Their wines remain among the very best produced anywhere, both in terms of quality, price and value (although when I'm especially poor, a nice Chilean red will suffice).
The French Revolution was, arguably, of much greater importance to world history than our own. They were the first people to refute absolutism and the grip of the church by abolishing monarchy and confiscating all church property (neither Henry VIII nor Cromwell went that far).
From Descartes to Foucault, has any one country been so consistent in its contributions to the field of philosophy?
As late as 1972, when I started seventh grade, we were given two options: either remedial reading or French. It didn't seem to occur to the school administrators that, at some point, I might want to converse with the rest of our hemisphere. French was the option because it was considered the second language of the world (after English). It was considered the language of diplomacy because no one else can quite say "fuck off" with such wit and style. It's still the second language of the UN.
I've always found it telling that, although the word "elite" is French, the French word for "snob" is "snob".
But no one sneers quite like a Parisian on his high horse, and no one is shriller than those horrible women who work in every boulangerie in the city (JM called them
bonnes-femmes and it was so not a compliment). They are frequently abrasive, love to argue, are frugal to the point of extreme parsimoniousness, hypochondriacs, depressive and incredibly pessimistic.
The fetishize "the innocence of childhood" and children in general to a point that I always found cloying, creepy and just a tiny bit pedo.
French popular music, with a handful of exceptions unknown outside France, Quebec and parts of Africa (maybe), is dreadful, and has been since the 1960s. And even in the music of the last "golden age", without an excellent working knowledge of French, the poetry of Brel or Brassens or Dutronc is meaningless.

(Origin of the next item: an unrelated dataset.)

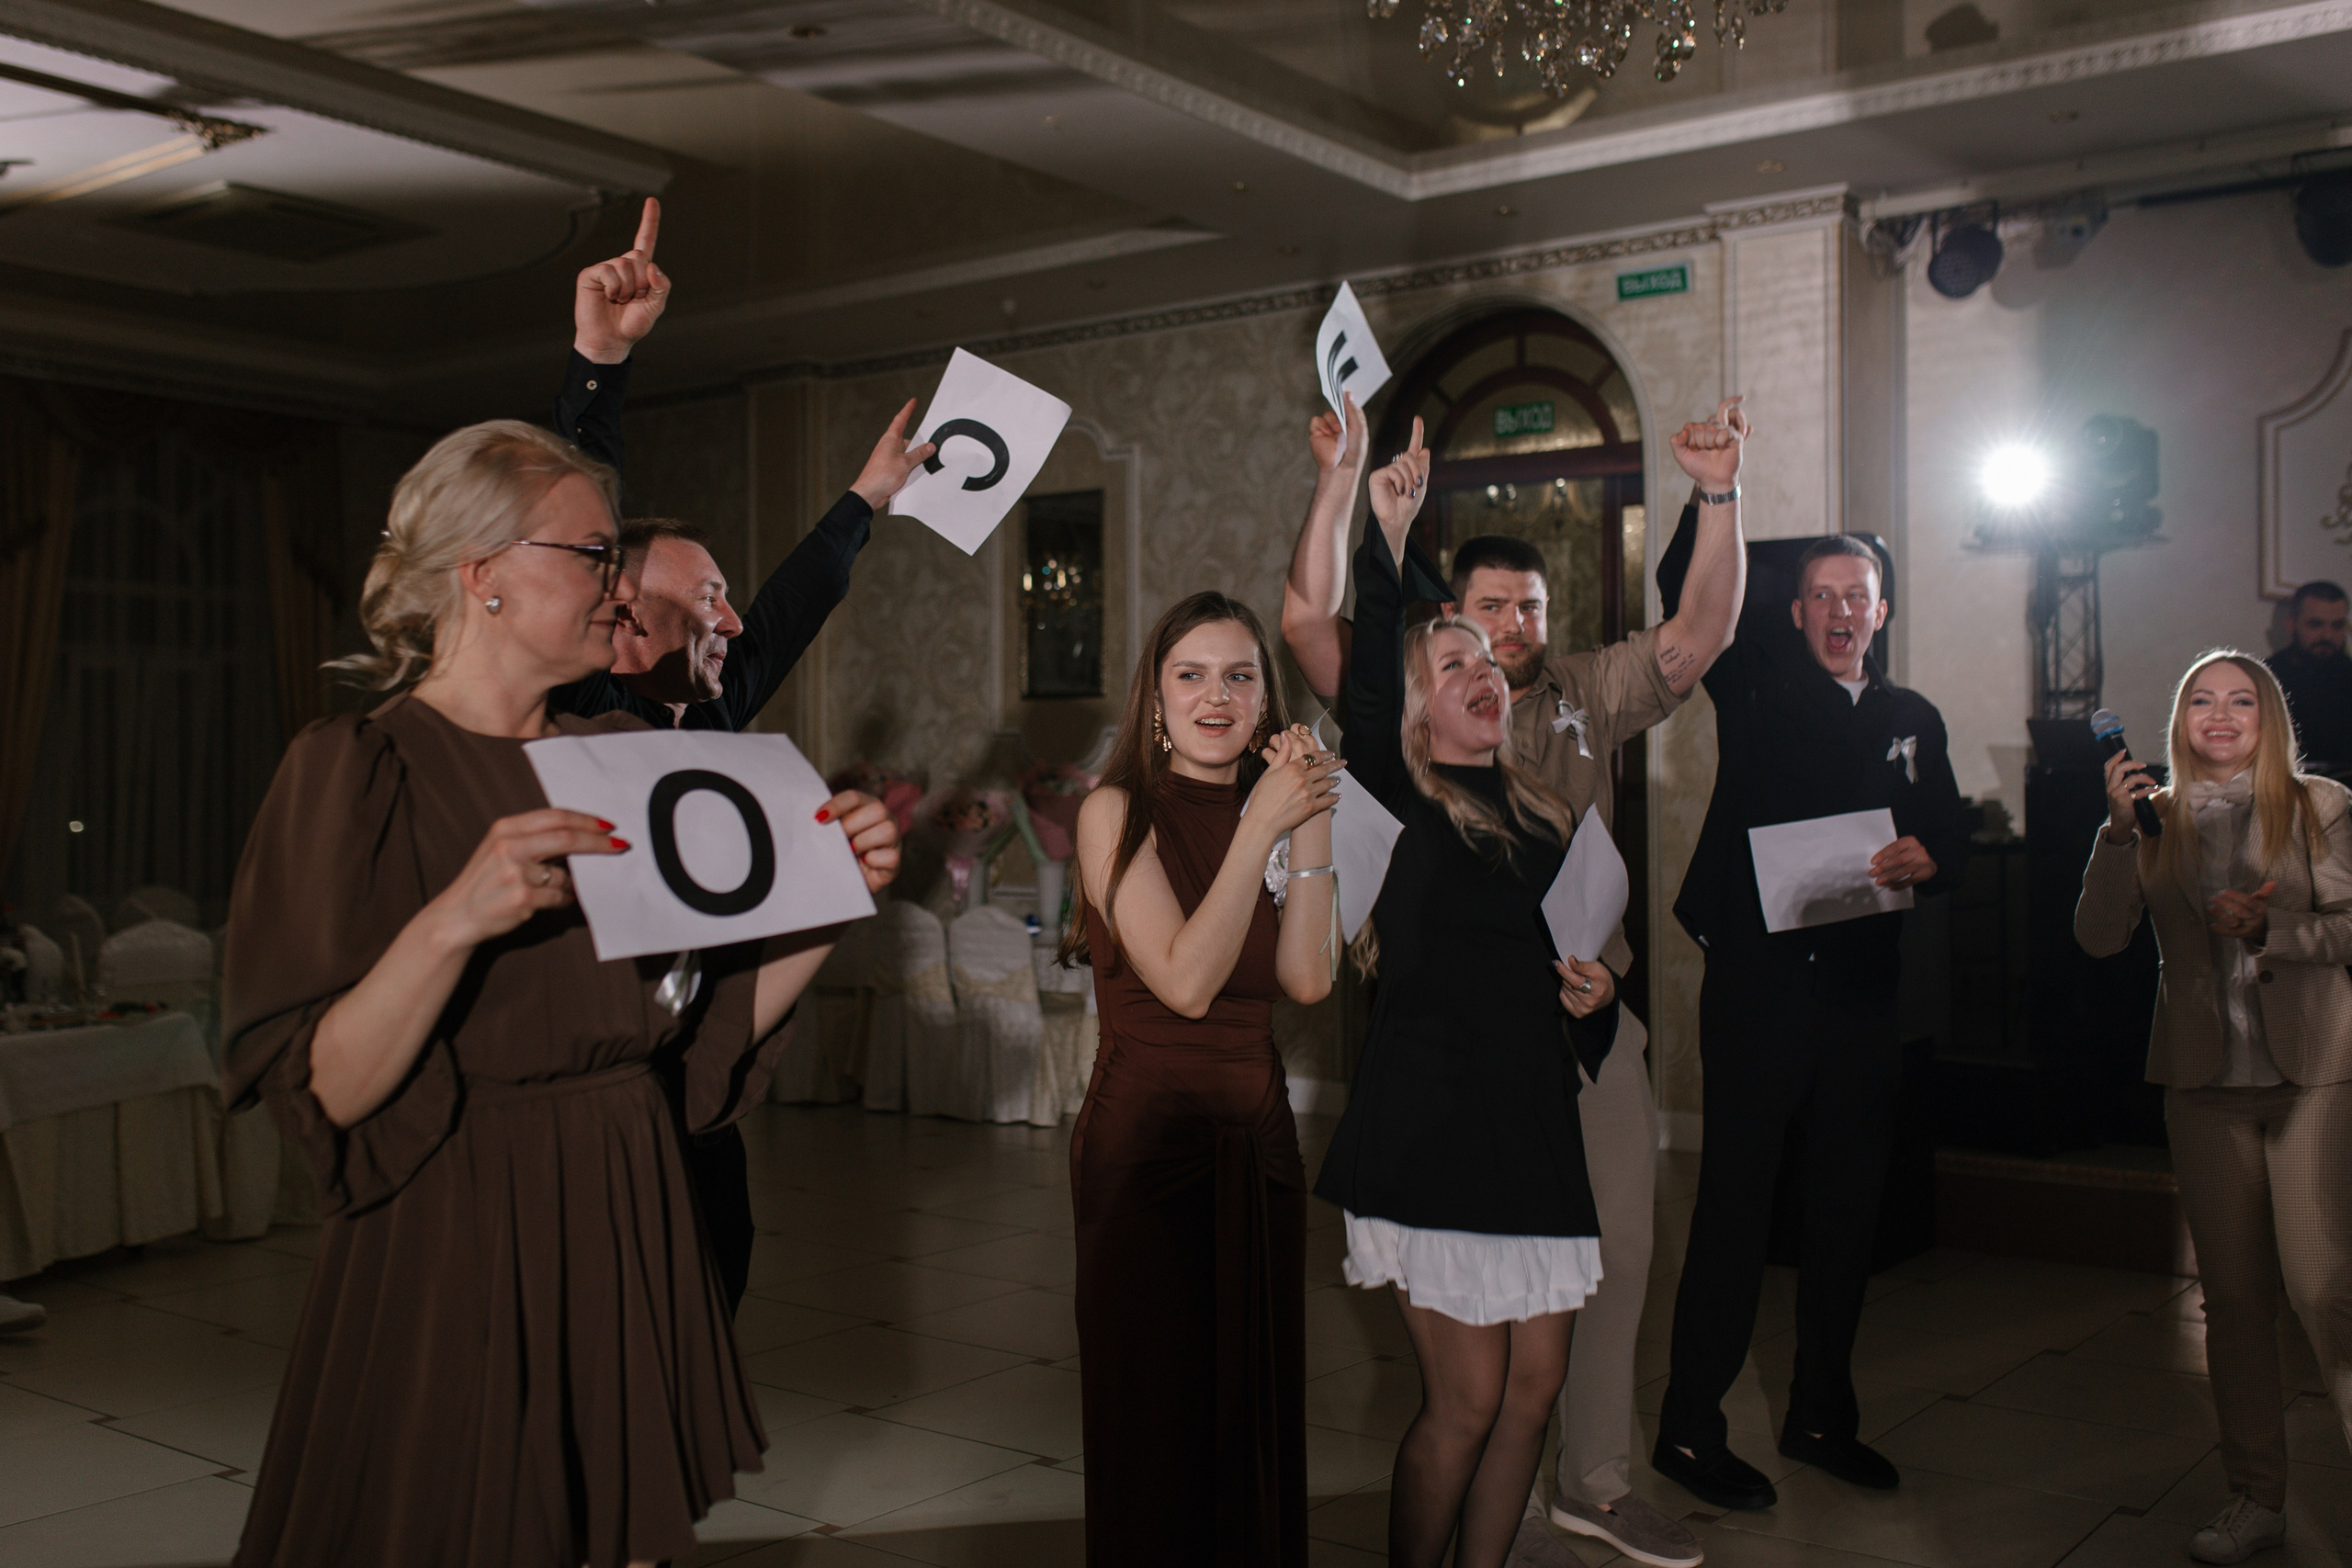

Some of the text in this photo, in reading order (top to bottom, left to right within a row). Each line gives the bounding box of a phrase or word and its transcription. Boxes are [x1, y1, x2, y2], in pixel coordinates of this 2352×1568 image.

Much of the "charm" of French, most especially Parisian, culture seems as stilted and affected as a minuet: the customary
bisous of four kisses, left, right, left, right is an excellent example. And without the benefit of an education into French history, all seems kinda dusty and dry and has-been.
French fashion has been meaningless since the 60s (except, occasionally, YSL). Dior and Chanel mean expensive sunglasses with gaudy logos to most people, and Louis Vuitton has been the very essence of meaningless branding since the mid-80s, at least. The average
Parisienne is no better dressed than your average shopgirl working in a mall in the suburbs of a medium-sized, mid-western city.
Contemporary French architecture is an abomination, contemporary French art is irrelevant. And French adventures in technology are, largely, failures. The Concorde stopped running years ago and their own precocious precursor to the Internet (Minitel) went nowhere (but it was all in French, so of course it would).
The antipathy Americans have for the French (and vice-versa) has certainly never been higher than it is right now, but it's symptomatic of American relations with nearly the entire world. Because of their long-standing (Imperialistic) ties with the Arab world, they didn't drink the Kool-Aid offered by the Americans and English just before we invaded Iraq and were rewarded with "Freedom Fries" (as if you and I don't both know that French Fries are Belgian). As Scott McClellan seems to have confirmed, they were right.